Saindo à superfície desse poço, ergue seus ombros e encosta o couro cabeludo na parede, no meio de um quadro branco com moldura preta, uma espécie de obra de tempo, restos y permanência. Recorda as últimas semanas, a correria, os encontros farewell organizados, a amável e triste Nora que comprou-lhe diversos artigos usados; praticamente a sala inteirinha. Nora chegou com o nariz quase colado ao pescoço: dava pena. Quando se atreveu a olhar pra cima, o primeiro que perguntou foi porque a Ester mudava de país, cuspindo sílabas suplicantes. Ester respondeu que mudava-se por causa da família e tratou de mostrar-se contente. Nora forçou um sorriso mentiroso, apoiou as mãos calejadas sobre a barra da cozinha e dedicou-lhe um olhar morto. Então a Ester notou que ela precisava constatar, na verdade, se alguém mais passava por uma mudança drástica e inesperada; precisava não sentir-se só na desgraça. Concluindo Nora, enquanto contidas lágrimas se formavam em seus olhos, afirmou: somente podemos contar com a família e os amigos... Nunca com os homens. Acredito que o seu retorno à casa é positivo.
Ester sorriu, basicamente porque não sabia o que dizer, melhor dito, não sabia se podia dizer algo mais. Nora interpretou o seu sorriso como um consenso, ou simplesmente não se conteve mais, e acabou despejando - falou com tanta urgência que mais parecia vomitar- que havia terminado com o seu namorado, com o qual levava apenas um ano de convivência, e sentia-se culpada, frustrada, pelo fato de terem durado tão pouco como matrimônio, depois de quase dez anos de relacionamento. Ester, torcendo pra finalizar a conversa, sussurra: tudo é um processo, portanto a novidade é necessária e sempre proveitosa. Sussurrou sem pensar, como que tirando um papel do bolso e recitando o que estava escrito por outra pessoa. Foi uma situação muito constrangedora. A Nora, do nada, abraçou-a com tanta força que quase quebrou-lhe as costelas. Contudo Ester sentiu-se útil, satisfeita de ter contribuído, sem saber exatamente o alcance de sua contribuição.
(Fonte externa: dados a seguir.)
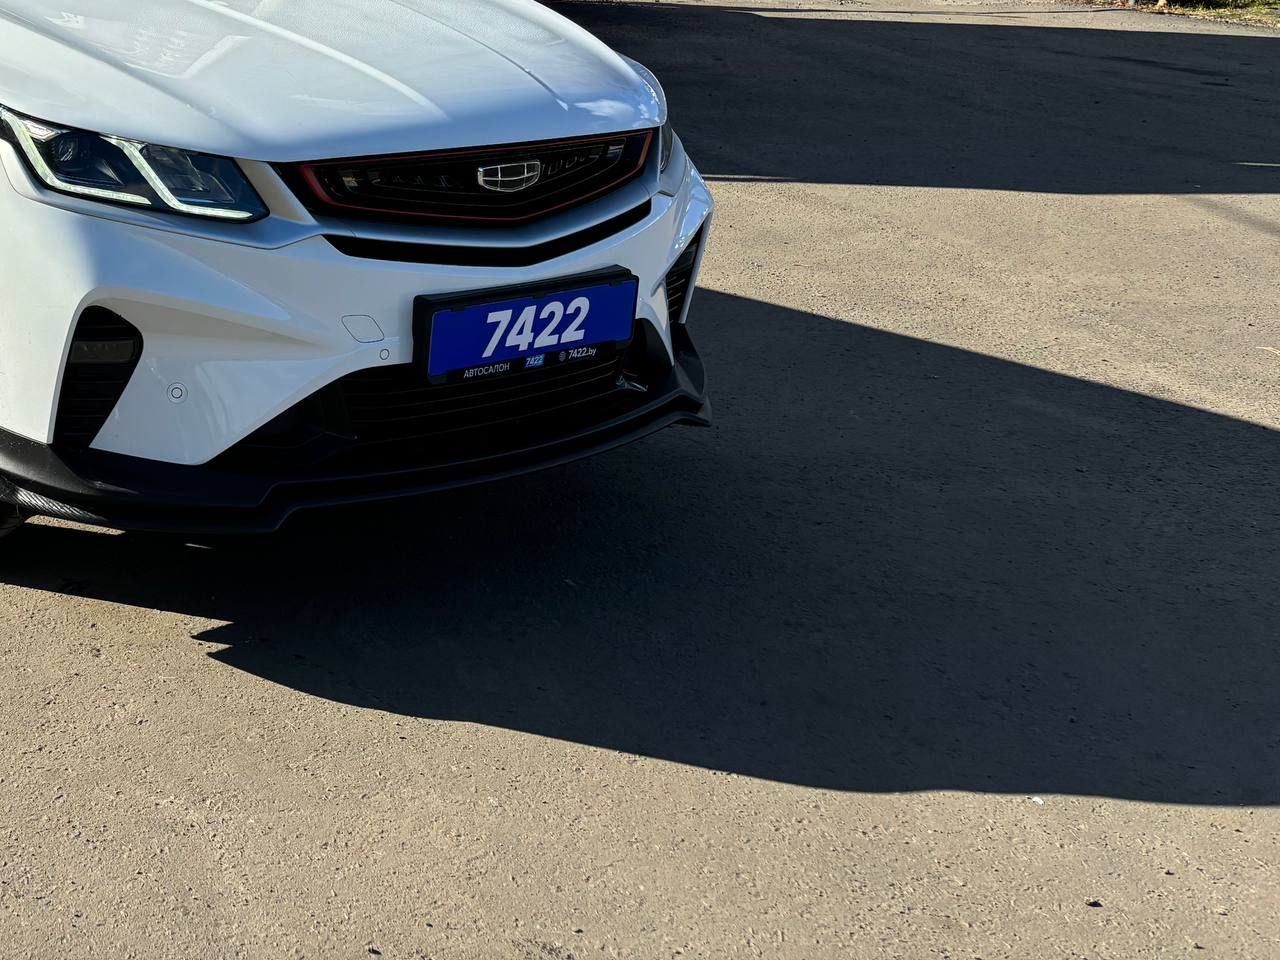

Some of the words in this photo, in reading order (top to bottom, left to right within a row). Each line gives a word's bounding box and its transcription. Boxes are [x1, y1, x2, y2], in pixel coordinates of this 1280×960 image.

[482, 296, 590, 358] 7422
[526, 355, 543, 365] 7422
[568, 347, 596, 360] 7422.by
[464, 363, 510, 378] АВТОСАЛОН
Com a xícara na mão, acreditando que os atos valem mais que mil palavras, remói que a palavra bem intencionada, no momento certo, faz uma grande diferença. Quantas vezes dizemos realmente o que os outros precisam escutar, em um ato de doação genuíno? Sem que a mensagem veja-se tingida de raiva, temor ou orgulho? ... É, dizer a palavra certa  sem esperar nada em troca, sem nenhum rastro da natural contaminação oriunda do conhecer-se, das desconfianças latentes, dos desejos encontrados, é todo um desafio...
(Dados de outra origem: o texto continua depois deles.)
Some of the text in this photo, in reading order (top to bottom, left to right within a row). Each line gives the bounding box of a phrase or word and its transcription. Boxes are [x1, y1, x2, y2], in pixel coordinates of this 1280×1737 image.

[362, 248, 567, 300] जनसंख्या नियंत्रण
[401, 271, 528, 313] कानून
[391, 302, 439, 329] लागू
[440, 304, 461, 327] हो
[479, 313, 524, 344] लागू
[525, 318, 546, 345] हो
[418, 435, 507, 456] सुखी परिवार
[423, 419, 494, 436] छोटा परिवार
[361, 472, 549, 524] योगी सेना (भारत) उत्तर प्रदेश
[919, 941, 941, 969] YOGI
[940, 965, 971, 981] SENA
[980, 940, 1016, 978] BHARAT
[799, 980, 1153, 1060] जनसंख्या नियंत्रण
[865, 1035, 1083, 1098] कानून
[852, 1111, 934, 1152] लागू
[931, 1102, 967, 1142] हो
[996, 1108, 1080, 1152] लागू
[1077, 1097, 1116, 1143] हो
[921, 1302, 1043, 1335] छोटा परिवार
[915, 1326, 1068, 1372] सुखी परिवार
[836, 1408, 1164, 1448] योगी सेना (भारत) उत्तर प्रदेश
Obcecada com a ideia, Ester bebe o chá tão rápido que termina engasgando-se. Preciso tomar ar fresco, pensa, então pega a bicicleta e se dirige aos Bosques de Palermo.
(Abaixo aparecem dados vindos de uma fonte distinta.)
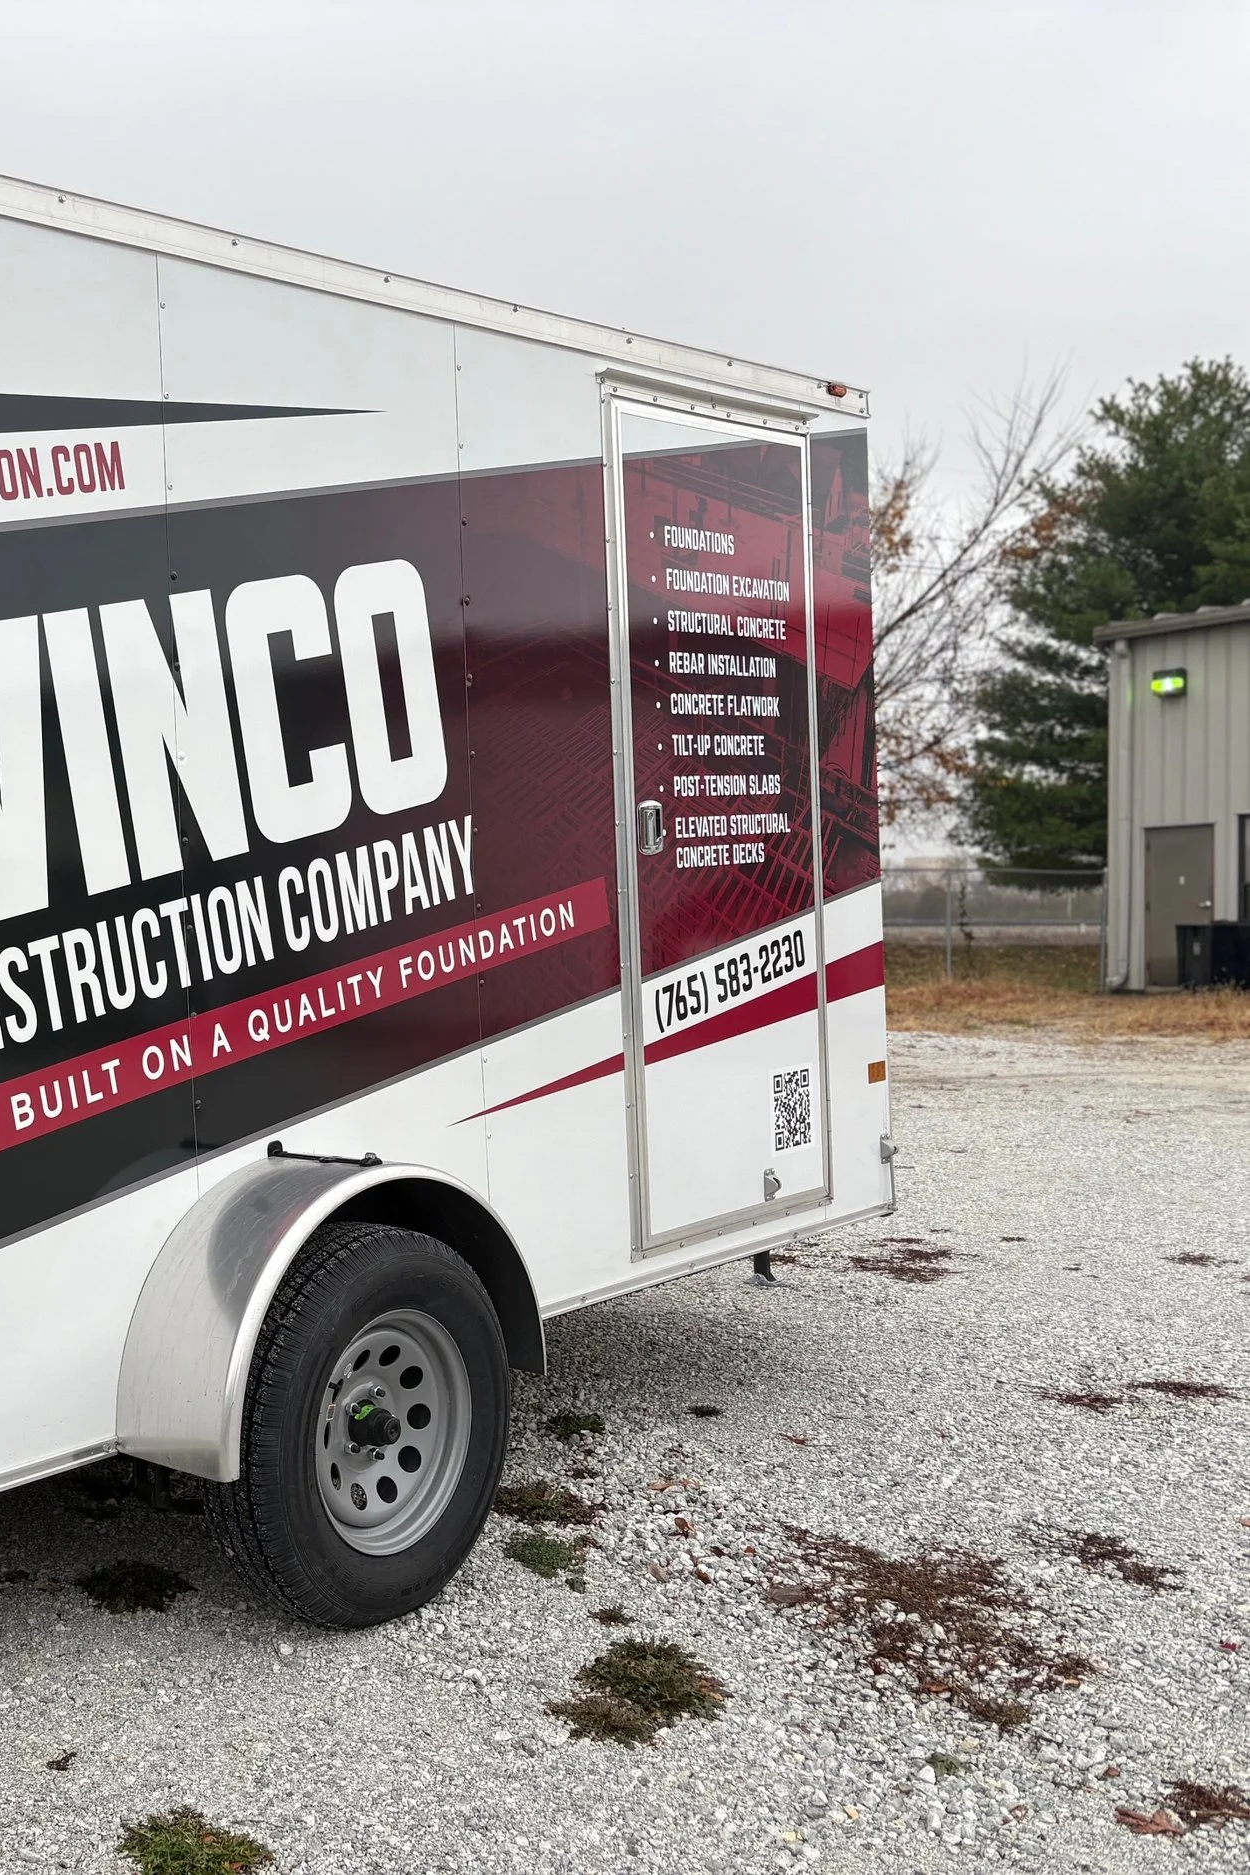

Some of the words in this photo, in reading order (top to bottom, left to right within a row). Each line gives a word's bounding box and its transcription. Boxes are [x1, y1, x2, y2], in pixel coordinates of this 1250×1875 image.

[664, 526, 735, 556] FOUNDATIONS
[666, 568, 730, 596] FOUNDATION
[733, 576, 790, 602] EXCAVATION
[668, 610, 734, 637] STRUCTURAL
[737, 617, 787, 640] CONCRETE
[669, 652, 705, 675] REBAR
[708, 654, 776, 679] INSTALLATION
[670, 693, 725, 717] CONCRETE
[728, 695, 780, 718] FLATWORK
[672, 734, 711, 757] TILT-UP
[714, 735, 765, 757] CONCRETE
[673, 775, 747, 798] POST-TENSION
[749, 774, 781, 796] SLABS
[675, 816, 728, 839] ELEVATED
[730, 813, 791, 836] STRUCTURAL
[676, 845, 731, 869] CONCRETE
[733, 843, 765, 865] DECKS
[278, 815, 474, 953] COMPANY
[654, 970, 710, 1034] (765)
[714, 930, 806, 1004] 583-2230
[10, 1058, 121, 1131] BUILT
[142, 1034, 193, 1081] ON
[212, 1023, 232, 1058] A
[247, 966, 384, 1042] QUALITY
[399, 901, 576, 989] FOUNDATION
O céu está desbotando-se, regenerando-se, morrendo para renascer como céu novamente. Ela sente a sua caixa torácica ampliada e uma sensação desconcertante enquanto pedala,  porque experimenta, intensamente, uma liberdade sem rosto, sem forma: assustadora.  
Circula devagar,  em volta do lago, saboreando a débil luz que o ilumina. Há uma entidade que paira invisível sobre o topo de palos borrachos, sauces, palmeras e tipas, árvores que moram na ilha, e sobre seu coração alvoroçado. Pára de pedalar, se senta em um dos bancos e, ainda com palpitações, contempla os cisnes que atravessam o asfalto.  Que loucura! Vão morrer atropelados! grita internamente. Entretanto os cisnes, apesar do receio, conseguem chegar ilesos e aterrissam na água com uma pompa só compatível, segundo a lógica, com um estado de inconsciência diante do perigo. 
Enquanto recobra-se do susto, percebe novamente essa presença, esse espectro representado pelo sol, água trêmula, animais, vento, almas em pena. Presença que a acende, intuição cintilante, invisível, abrangente. Adoraria saber voar para chegar bem alto, cruzar a estratosfera se preciso, e assim verificar se essa presença acaba, tem um formato e um caminho.

Faz frio nas tardes de primavera em Buenos Aires. O canto dos pássaros, o baile das flores, aquieta-se, e o parque parece um mágico cartão postal. Ester pega a bicicleta, com intenção de regressar à casa, mas começa a dar voltas sem destino.  Por um momento dúvida  se o apartamento onde passou os últimos anos de sua vida é ainda seu lar. Hoje é um espaço semi-vazio, lugar onde ontem a solidão vivia acompanhada pelos livros, pela imaginação, pelos amigos. Agora ela vaga sozinha entre o resto de coisas e memória.

Pedala com sofreguidão, parindo lágrimas contra o vento, até que, no meio de atribulados pensamentos, ela lembra da visita agendada com os compradores da cama. Deve retornar ao apartamento quanto antes.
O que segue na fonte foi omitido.